(Beginning of Dataset)
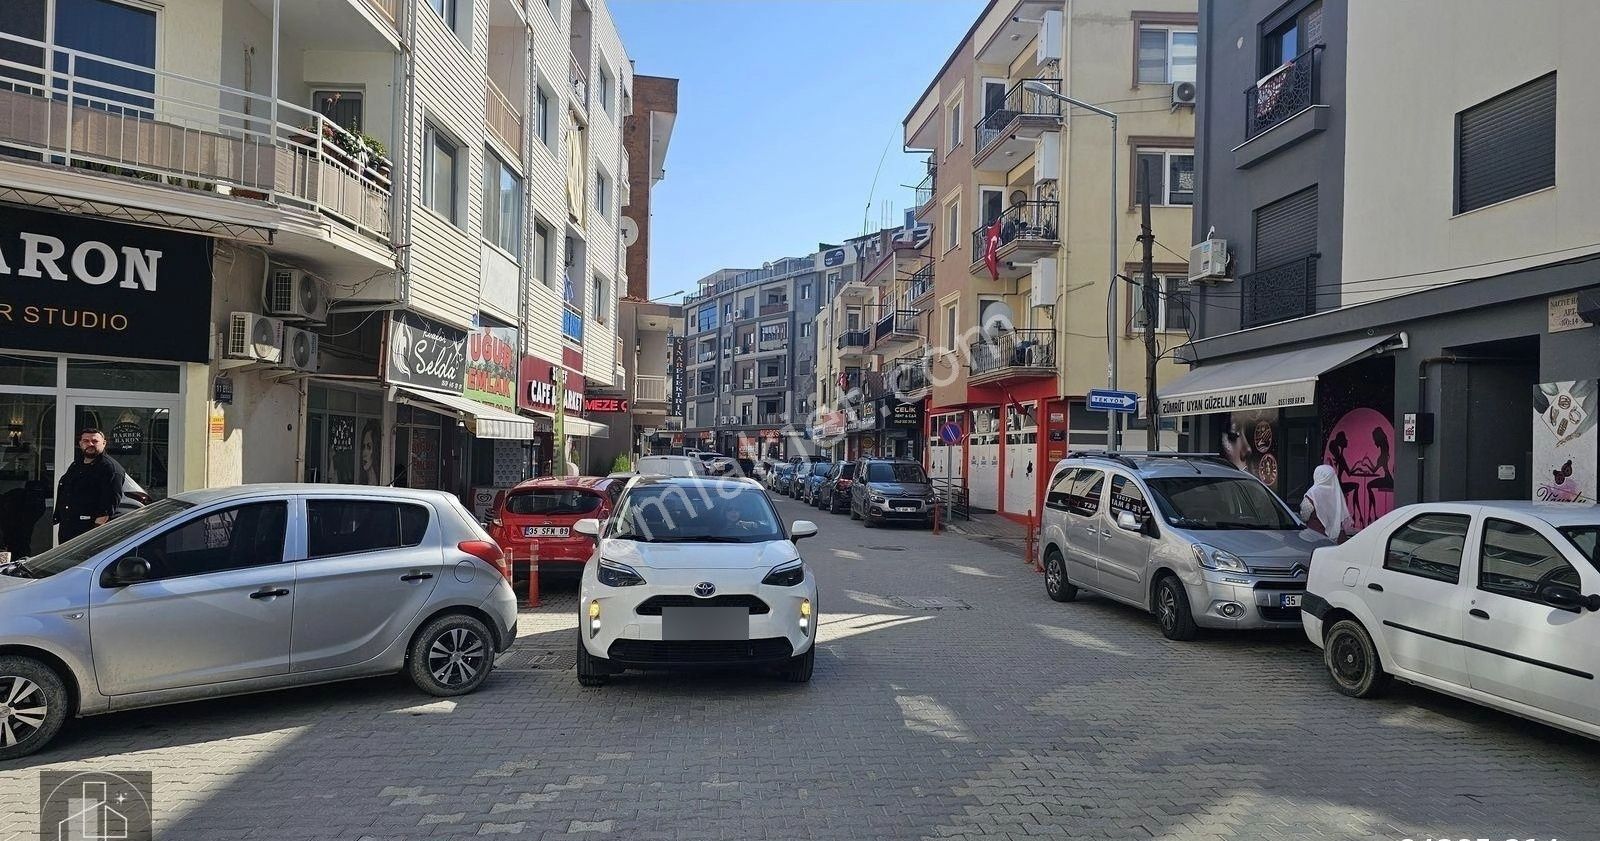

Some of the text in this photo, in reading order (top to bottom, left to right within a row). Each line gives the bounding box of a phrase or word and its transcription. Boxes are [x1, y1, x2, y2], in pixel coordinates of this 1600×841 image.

[23, 306, 128, 331] STUDIO
[414, 339, 457, 380] Selda
[470, 326, 513, 372] UĞUR
[466, 366, 511, 399] EMLAK
[531, 379, 552, 406] CAFE
[564, 389, 583, 412] ARKET
[585, 399, 619, 411] MEZE
[1186, 399, 1203, 412] UYAN
[1238, 392, 1268, 407] SALONU
[529, 527, 538, 535] 35
[1286, 596, 1296, 606] 35
(End of Dataset)
**Prompt:** Set the listing above down again exactly, leaving pictures out.

**Solution to this exercise:**
Some of the text in this photo, in reading order (top to bottom, left to right within a row). Each line gives the bounding box of a phrase or word and its transcription. Boxes are [x1, y1, x2, y2], in pixel coordinates of this 1600×841 image.

[23, 306, 128, 331] STUDIO
[414, 339, 457, 380] Selda
[470, 326, 513, 372] UĞUR
[466, 366, 511, 399] EMLAK
[531, 379, 552, 406] CAFE
[564, 389, 583, 412] ARKET
[585, 399, 619, 411] MEZE
[1186, 399, 1203, 412] UYAN
[1238, 392, 1268, 407] SALONU
[529, 527, 538, 535] 35
[1286, 596, 1296, 606] 35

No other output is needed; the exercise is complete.